Task statement:
Pick up at the line with "this 1412×1567 image.". Write it out exactly, along with each later line through the end of the data, and nothing more.
** Data for processing follows **
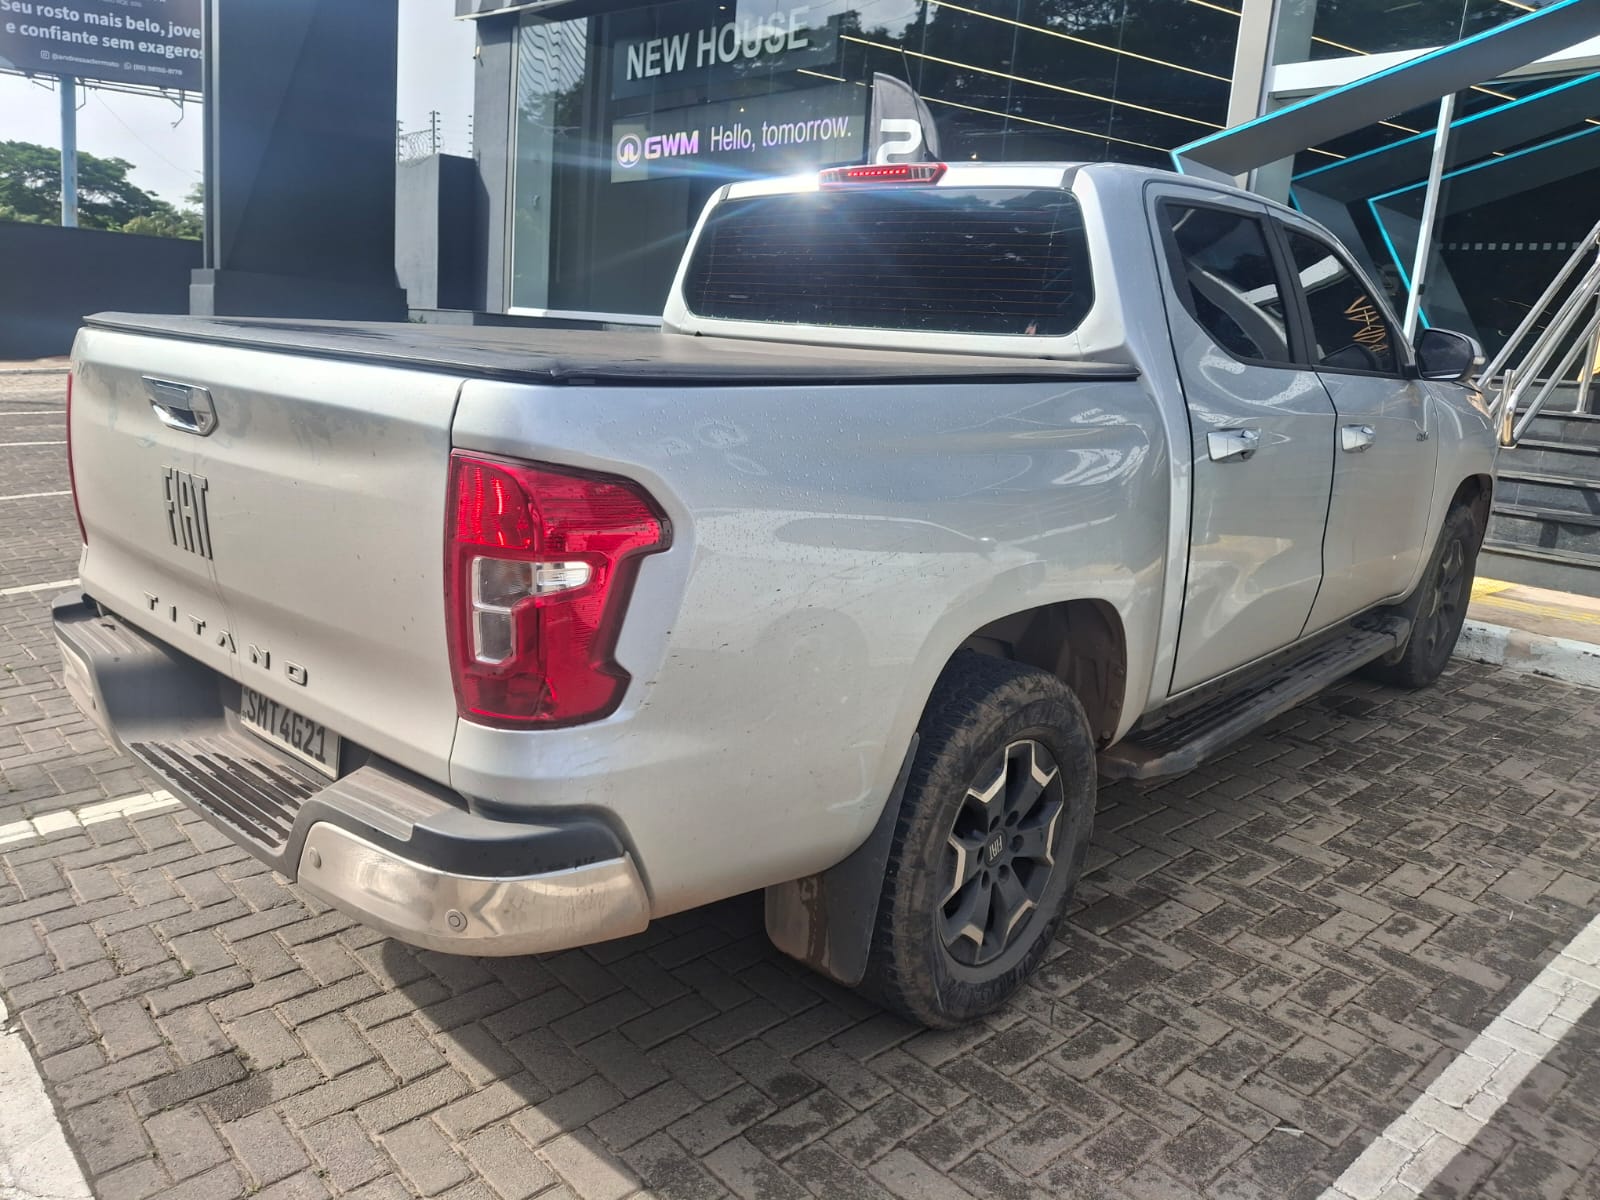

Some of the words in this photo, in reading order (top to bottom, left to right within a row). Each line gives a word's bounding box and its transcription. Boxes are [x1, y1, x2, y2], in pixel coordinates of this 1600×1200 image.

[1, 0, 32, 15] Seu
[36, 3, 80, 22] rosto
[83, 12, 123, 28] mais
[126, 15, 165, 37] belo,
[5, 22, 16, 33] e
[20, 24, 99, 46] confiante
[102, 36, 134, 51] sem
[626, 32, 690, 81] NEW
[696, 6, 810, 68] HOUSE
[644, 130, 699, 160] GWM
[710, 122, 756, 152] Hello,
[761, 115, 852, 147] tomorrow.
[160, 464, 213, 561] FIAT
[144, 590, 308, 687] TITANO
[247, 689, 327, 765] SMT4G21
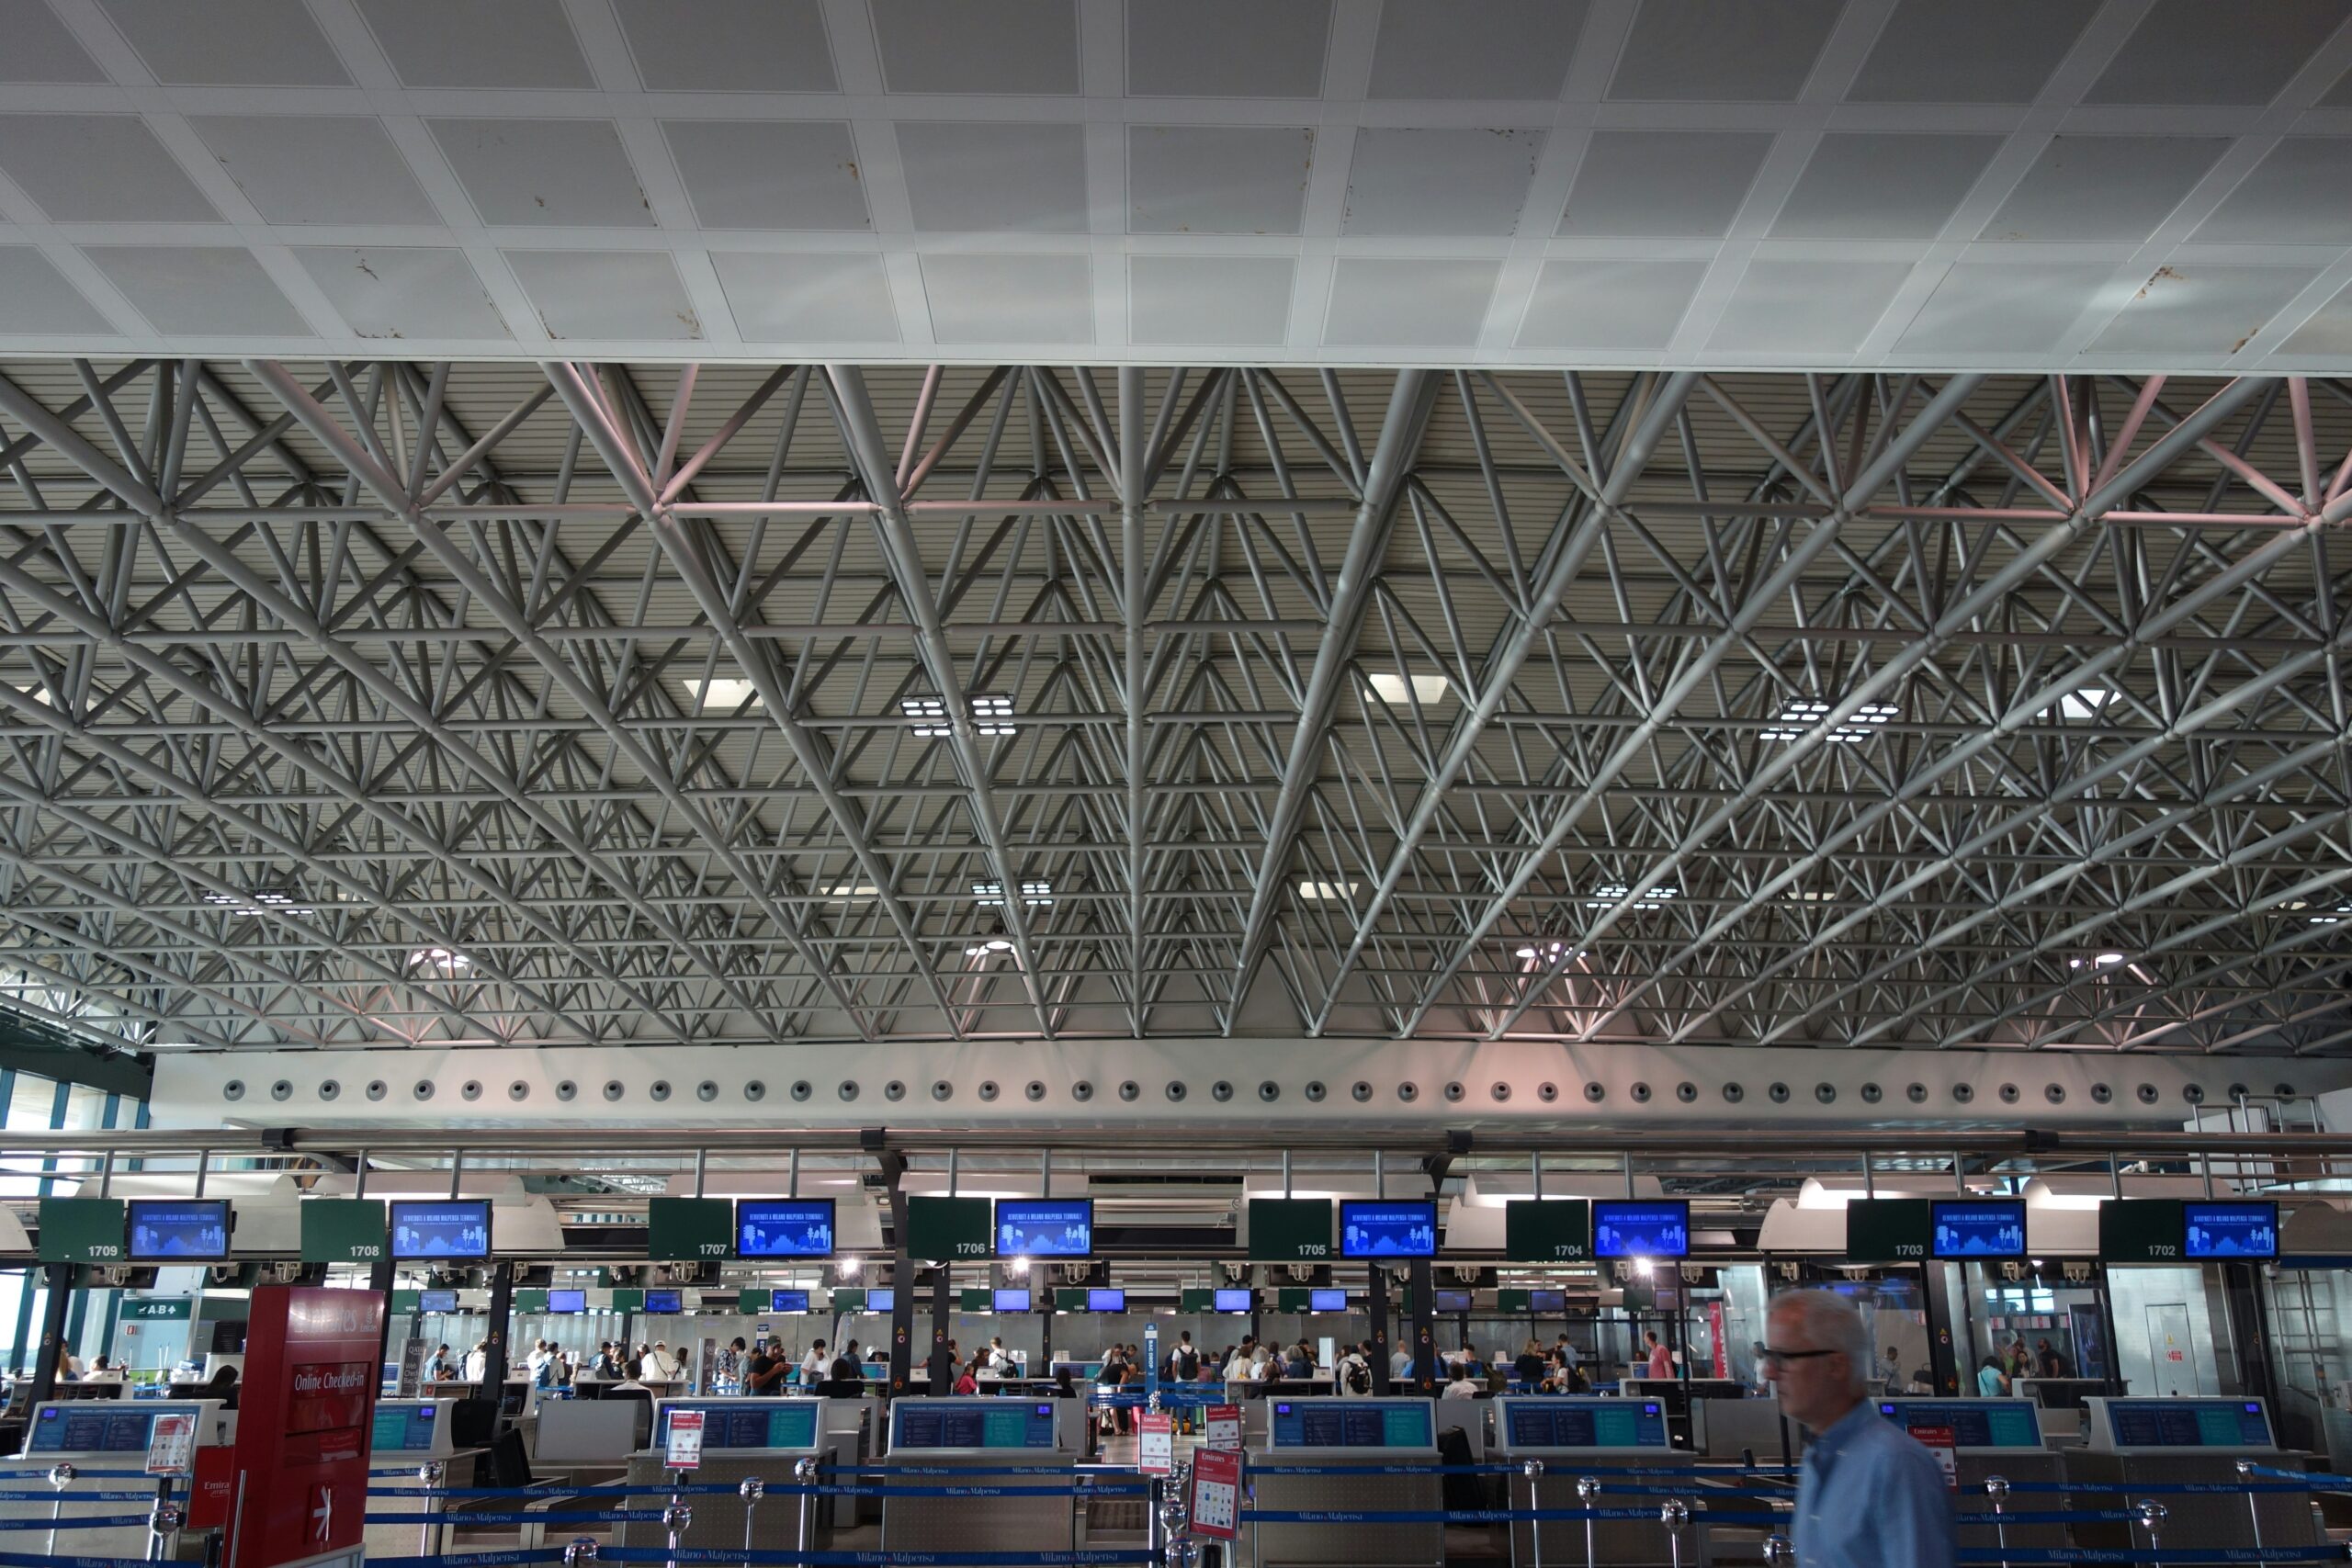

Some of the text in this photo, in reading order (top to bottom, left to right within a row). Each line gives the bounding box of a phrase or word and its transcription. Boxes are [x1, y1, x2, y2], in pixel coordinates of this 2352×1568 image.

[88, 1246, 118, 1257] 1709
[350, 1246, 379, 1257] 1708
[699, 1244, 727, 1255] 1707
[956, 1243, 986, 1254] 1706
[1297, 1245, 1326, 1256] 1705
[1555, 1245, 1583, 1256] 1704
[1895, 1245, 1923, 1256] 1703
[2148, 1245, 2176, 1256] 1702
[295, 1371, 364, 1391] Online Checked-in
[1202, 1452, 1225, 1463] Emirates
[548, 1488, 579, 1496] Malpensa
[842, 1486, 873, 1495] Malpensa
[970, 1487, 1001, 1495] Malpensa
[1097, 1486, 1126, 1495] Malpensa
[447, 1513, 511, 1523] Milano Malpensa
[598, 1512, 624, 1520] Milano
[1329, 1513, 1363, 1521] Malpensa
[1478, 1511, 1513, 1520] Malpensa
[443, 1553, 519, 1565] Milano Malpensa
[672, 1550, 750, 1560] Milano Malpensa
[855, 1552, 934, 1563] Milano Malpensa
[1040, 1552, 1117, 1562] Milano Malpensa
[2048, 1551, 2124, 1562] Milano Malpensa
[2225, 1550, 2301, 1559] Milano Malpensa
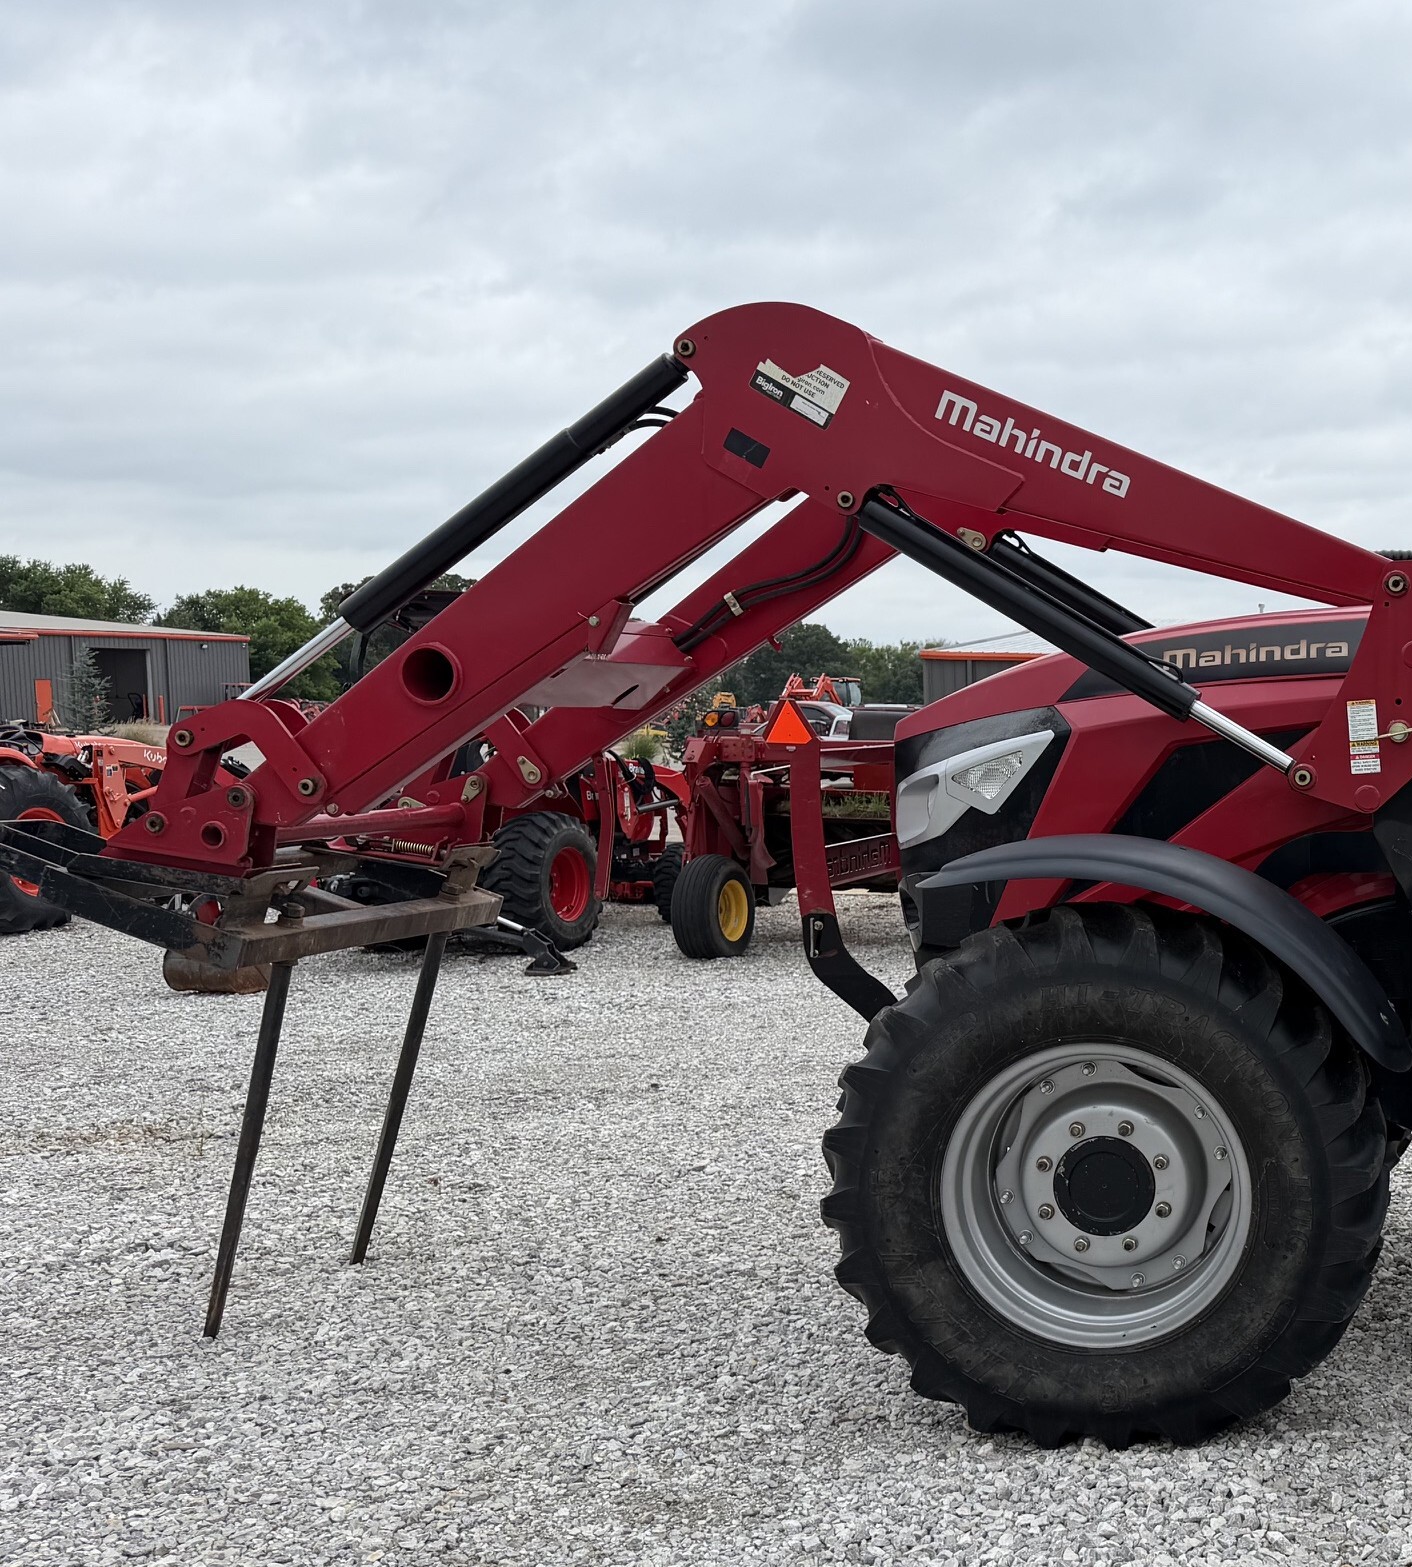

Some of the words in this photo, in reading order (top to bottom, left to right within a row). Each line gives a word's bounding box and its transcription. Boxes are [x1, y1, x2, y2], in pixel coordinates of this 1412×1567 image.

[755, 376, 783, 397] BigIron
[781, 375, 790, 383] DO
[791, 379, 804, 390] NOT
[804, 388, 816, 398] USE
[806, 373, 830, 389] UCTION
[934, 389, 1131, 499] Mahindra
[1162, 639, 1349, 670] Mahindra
** End of Data for processing **
Reply to the exercise:
Some of the words in this photo, in reading order (top to bottom, left to right within a row). Each line gives a word's bounding box and its transcription. Boxes are [x1, y1, x2, y2], in pixel coordinates of this 1412×1567 image.

[755, 376, 783, 397] BigIron
[781, 375, 790, 383] DO
[791, 379, 804, 390] NOT
[804, 388, 816, 398] USE
[806, 373, 830, 389] UCTION
[934, 389, 1131, 499] Mahindra
[1162, 639, 1349, 670] Mahindra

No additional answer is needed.